00:20:22.130 Jumping into the mathematics, we settle on a concept known as tf-idf—which stands for term frequency-inverse document frequency. This formula helps quantify terms' relevance in contrast to total document counts within our information set. By adjusting our measures and normalizations based on document lengths, we can refine similarity scoring.

00:22:47.600 So, after implementing such measures, our function presents a more nuanced understanding of the documents’ relevance to the user query. Still, can we refine further? Absolutely! The integration of synonyms—exploring semantic similarity through related terms and definitions—could significantly enhance our retrieval mechanisms, allowing for a broader scope of search while maintaining focus.

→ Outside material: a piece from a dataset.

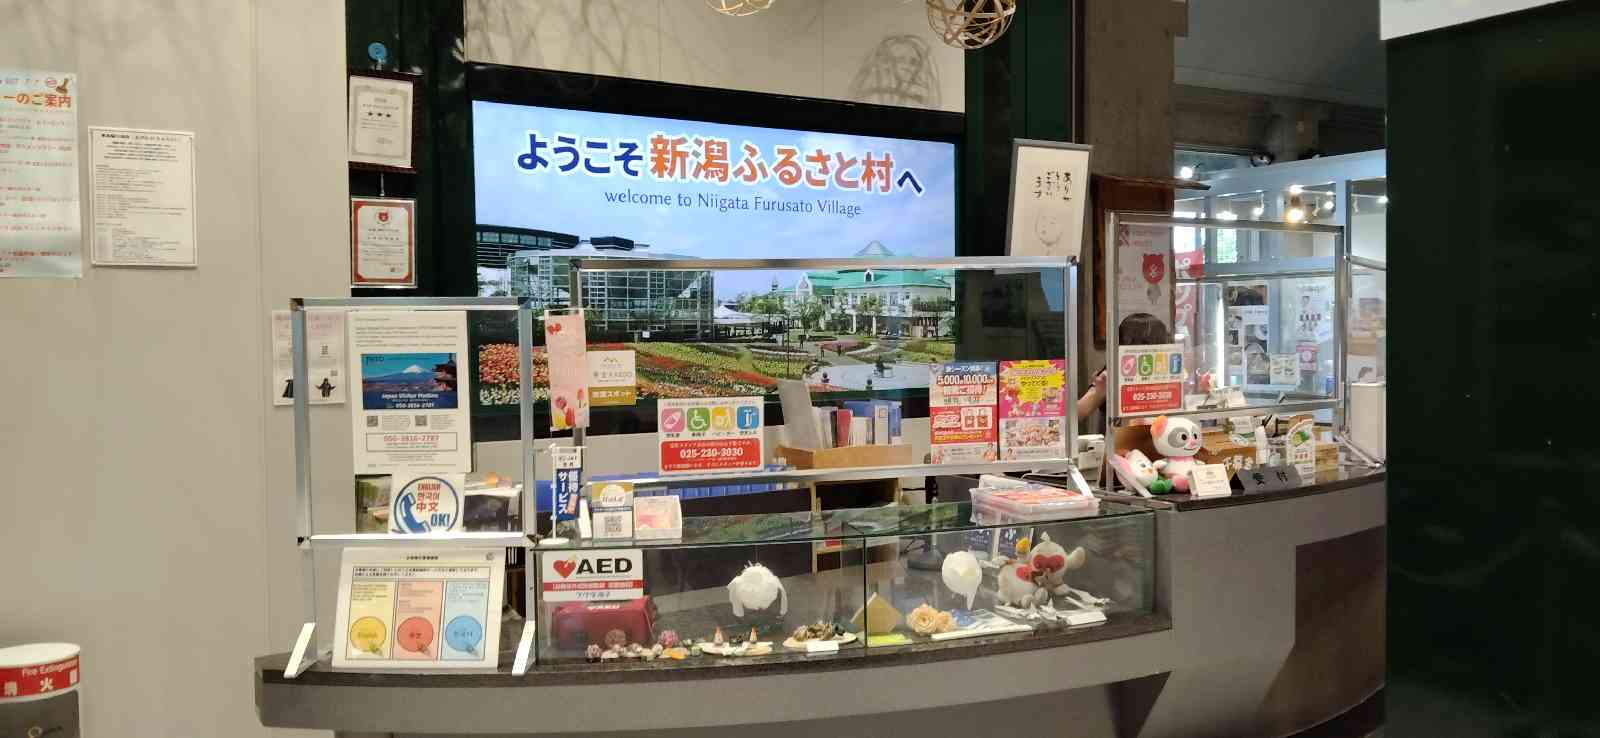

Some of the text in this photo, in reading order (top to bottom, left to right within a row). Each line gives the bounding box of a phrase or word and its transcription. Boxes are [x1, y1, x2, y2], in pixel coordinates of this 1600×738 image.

00:24:55.490 As we refine our queries and responses, we can factor in opportunities to boost documents that exactly match user queries or contain additional relevant terms in the same order. We can even explore standard spelling variations and account for user errors to improve our system's effectiveness. Each of these measures contributes to a more effective mechanism meant to address user needs.

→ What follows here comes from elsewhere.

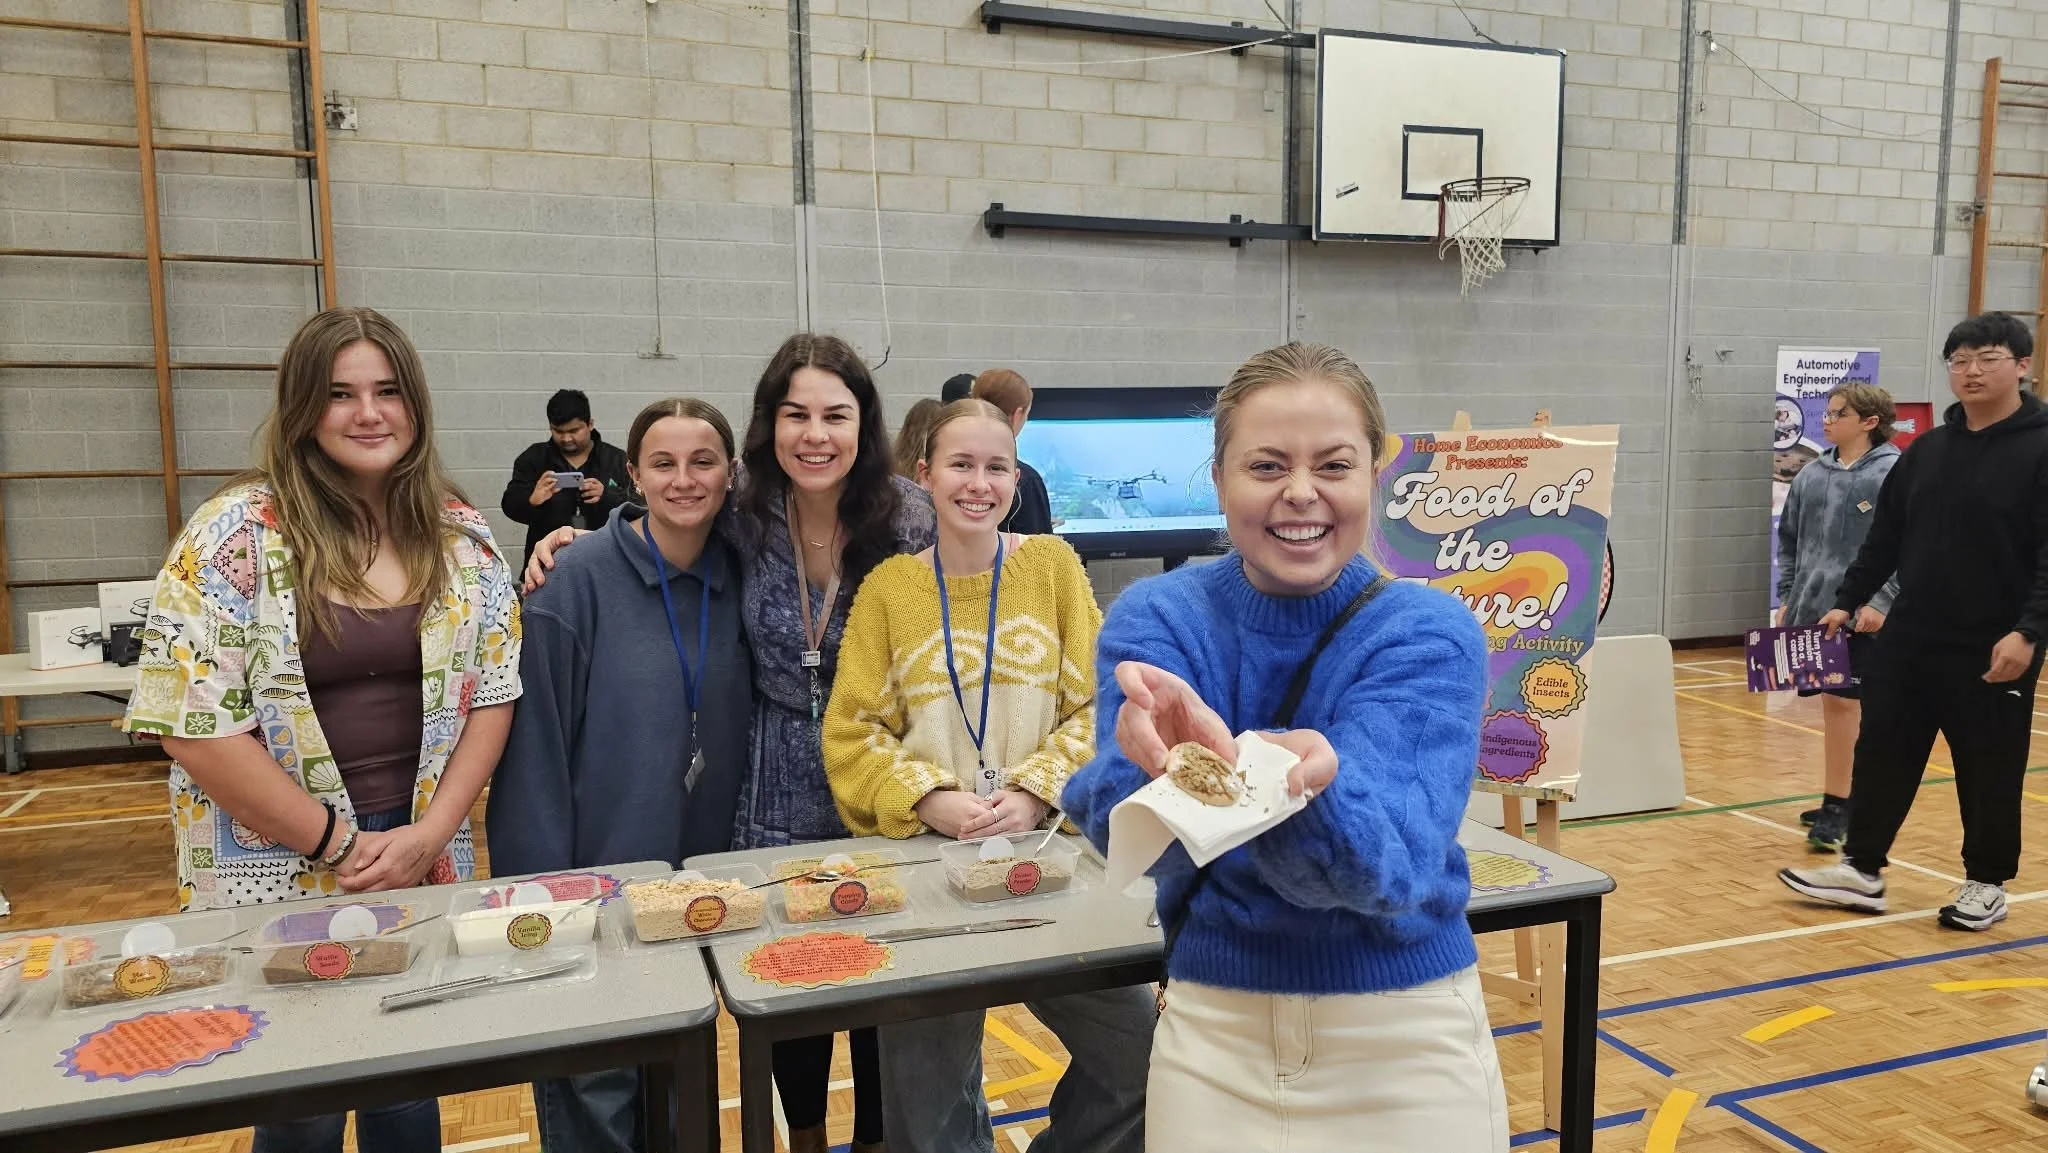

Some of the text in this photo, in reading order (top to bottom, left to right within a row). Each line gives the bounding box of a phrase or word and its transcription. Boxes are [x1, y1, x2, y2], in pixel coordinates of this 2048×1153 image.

00:25:55.150 Now, as I start to wrap up this presentation, let’s take a moment to summarize key elements I’ve discussed regarding search and information retrieval: First and foremost, relevance is recognized as a spectrum. Secondly, relevance can be conceptualized as the similarity between a user's query and the documents in our repositories, and managing term counts proves to be a complex yet essential part of this process.

00:27:19.610 The crux of effective information retrieval utilizes both tf-idf measurements and length normalization to account for the differing document lengths we encounter. Lastly, while semantics cannot be overlooked, we have the ability to control its influence through measures such as stop-word removal, synonym implementation, and family word capturing. A critical point to remember is that the vector model used here is merely one approach—there are other models like BM25F that might suit your needs for structured data far better.

00:29:19.480 And finally, in the spirit of experimentation that shaped my inquiry into search, I embarked on finding the meaning of life for a user, and while the results weren't what I anticipated, they point towards the ongoing nature of improving understanding in the world of search. As I conclude, I invite any questions you may have regarding my talk or the subject matter I've presented. Thank you!